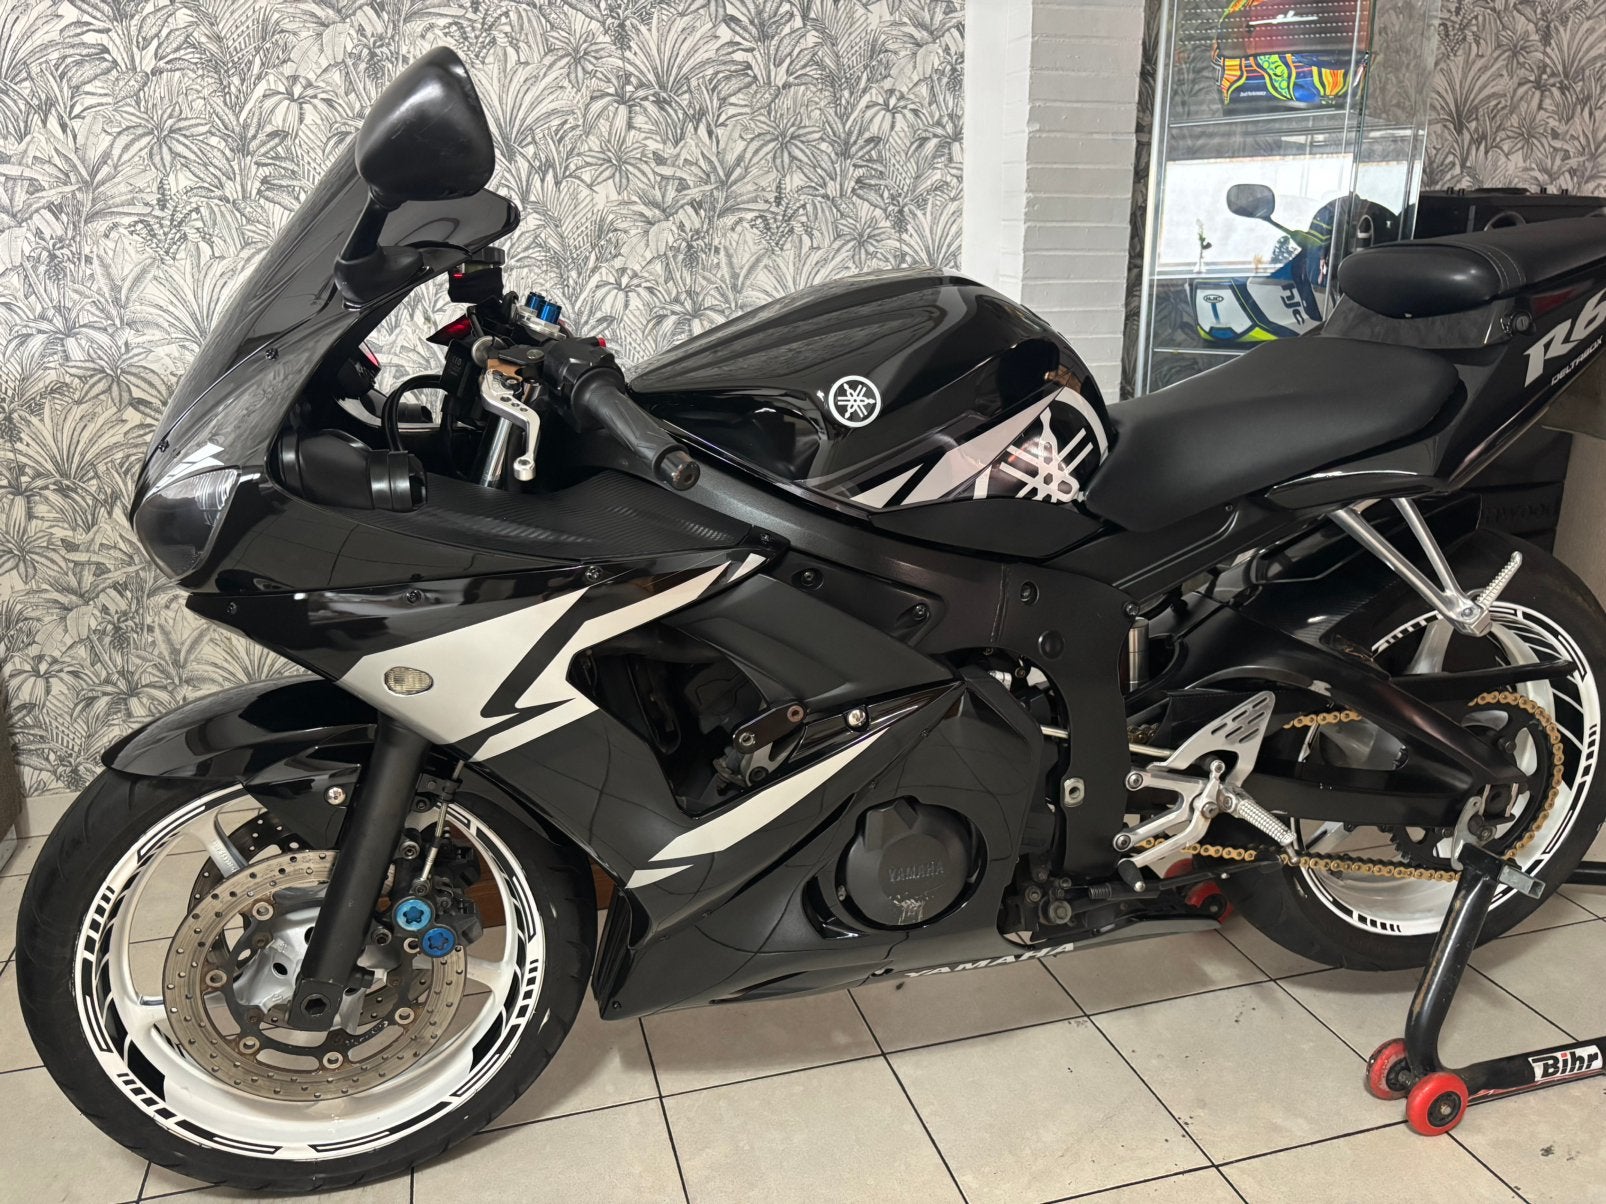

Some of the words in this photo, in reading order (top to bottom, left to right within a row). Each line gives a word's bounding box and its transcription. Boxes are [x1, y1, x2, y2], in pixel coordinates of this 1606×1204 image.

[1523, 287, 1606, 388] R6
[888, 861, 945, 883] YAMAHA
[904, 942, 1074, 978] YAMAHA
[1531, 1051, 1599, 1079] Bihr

+++

Print each record exactly as it stands, skipping the pictures.

Finished task —
Some of the words in this photo, in reading order (top to bottom, left to right within a row). Each line gives a word's bounding box and its transcription. Boxes are [x1, y1, x2, y2], in pixel coordinates of this 1606×1204 image.

[1523, 287, 1606, 388] R6
[888, 861, 945, 883] YAMAHA
[904, 942, 1074, 978] YAMAHA
[1531, 1051, 1599, 1079] Bihr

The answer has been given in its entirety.